Lawyers for Sacramento County failed again Monday to knock out a $14.5 million wrongful- death lawsuit filed over a conservator’s decision to put a paranoid schizophrenic with a 20-year history of violence into an Oak Park group home.


The placement left a 65-year-old woman dead when the 6-foot, 300-pound conservatee smashed the group home employee over the head with a wooden chair. The Sept. 5, 2008, attack also resulted in permanent brain injuries for the woman’s husband, then 69, who also worked in the home.


In allowing the suit to proceed, Sacramento Superior Court Judge Rudolph Loncke turned back defense arguments that state law entitles the county to immunity.


Loncke, in affirming a tentative decision he issued last week, said either a jury or an appellate court must decide whether the county had a duty to warn the group home operators. Plaintiffs lawyers charged that the conservatee, Ofiu Edwards Foto, posed a life-threatening danger.


When a county lawyer suggested the conservator did not have such a duty, Loncke replied, “You want to sneak that information by people?”


Foto, now 42, has since been found incompetent to stand trial and was placed in a state mental hospital. He is due back in court next year for another hearing on whether he can be tried.


He is accused of murder in the death of Pausta Sibarani and of almost killing her husband, Tumbur Bastion Purba. The county conservator recommended his placement in Sandy’s Guest Home on 44th Street after he pleaded no contest to assault in a similar attack that resulted in serious injuries to a 76-year-old female employee in another group home in 2005.


Foto’s record showed he had a history of violent attacks dating back to 1988.


Wendy Motooka, one of two privately retained lawyers defending the county in the wrongful-death suit, told the judge that without the immunity from civil liability, nobody would want to work as conservators.


Motooka also argued the conservator in the Foto case, identified in court papers as Rachael Harris, “gave sufficient warning” to the group home’s administrators. Judge Loncke said that while the conservator provided the group home with information about Foto’s 2005 attack, the county did not give administrators the full picture on the slaying suspect’s past, like when he broke a woman’s jaw in Burlingame and took a shovel to the windows of a home in San Bruno, among other incidents.


“I think you’re presenting a good argument,” Loncke told Motooka later. “I’m not being persuaded by it. Maybe at another level. Not here. I think there are triable issues here.”


Lawyers for the county declined to comment on whether they would appeal Loncke’s decision.


Monday’s setback was the second for the county in its effort to kill the lawsuit.

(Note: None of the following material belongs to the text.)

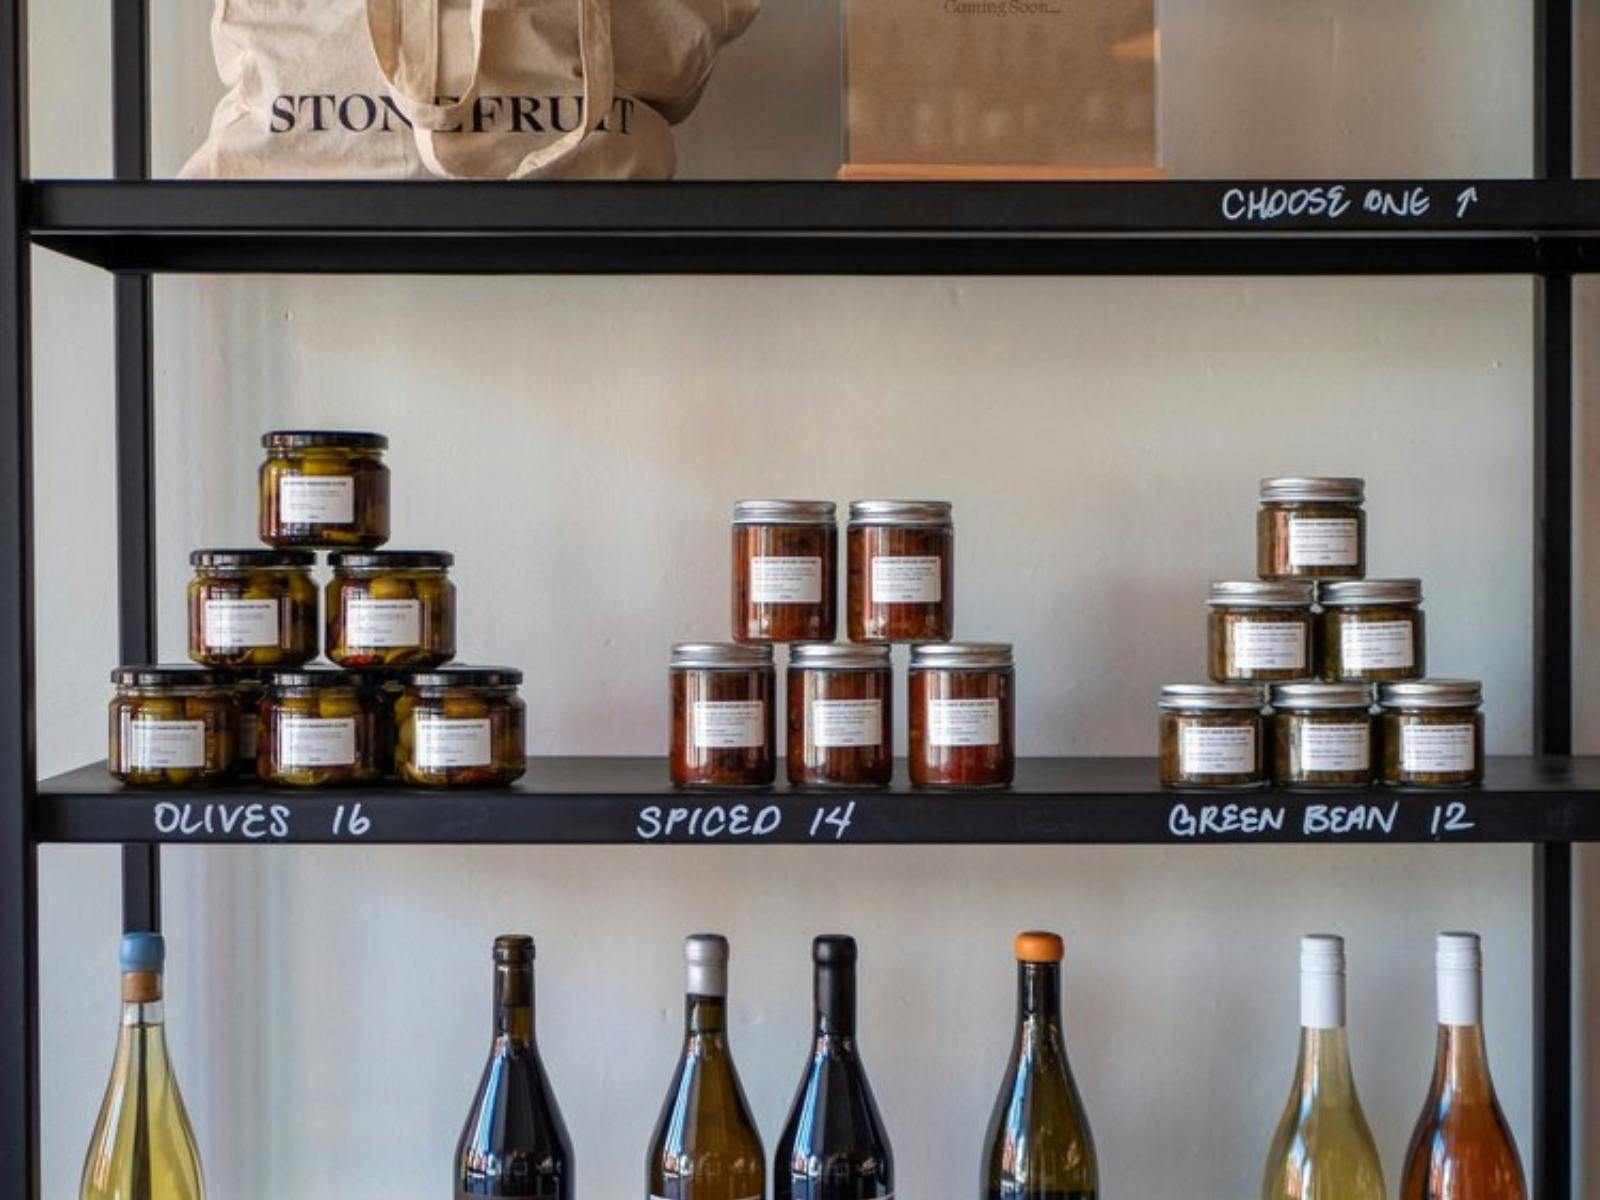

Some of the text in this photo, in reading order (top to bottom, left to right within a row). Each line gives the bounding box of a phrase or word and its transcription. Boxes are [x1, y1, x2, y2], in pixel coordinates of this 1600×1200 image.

Last year, Motooka and her partner, Robert L. Chalfant, argued unsuccessfully that the county wasn’t liable because the group home was a “mental institution.”

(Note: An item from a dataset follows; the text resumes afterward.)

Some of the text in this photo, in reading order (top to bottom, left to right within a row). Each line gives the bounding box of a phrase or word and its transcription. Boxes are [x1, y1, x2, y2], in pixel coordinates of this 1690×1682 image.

Along with their immunity arguments, the defense lawyers maintained that Purba can’t seek damages for emotional distress because he testified in depositions that he couldn’t remember the attack.

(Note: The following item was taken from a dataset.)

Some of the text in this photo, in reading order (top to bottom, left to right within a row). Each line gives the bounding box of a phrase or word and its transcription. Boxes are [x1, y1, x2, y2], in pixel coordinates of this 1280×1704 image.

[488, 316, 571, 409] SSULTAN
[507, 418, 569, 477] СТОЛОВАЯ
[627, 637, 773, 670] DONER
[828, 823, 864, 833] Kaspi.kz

In response, plaintiffs lawyer Craig J. Rolfe said in court papers: “The fact that Mr. Purba is so severely brain-damaged that he does not recall the details of this horrific incident does not negate his … claim.”


Judge Loncke agreed.

Loncke also ruled that Purba’s $950,000 workers’ compensation award doesn’t nullify his effort to seek damages from the county based on its alleged negligence.


Endurance Insurance Co., the workers’ comp carrier for Sandy’s Guest Home, has filed a $950,000 lien against any award that might result from the lawsuit.


The Bee, meanwhile, has filed an action in the case to unseal five documents relating to the county’s placement of Foto in the group home. A hearing on The Bee’s effort to obtain the documents has been scheduled for Sept. 28.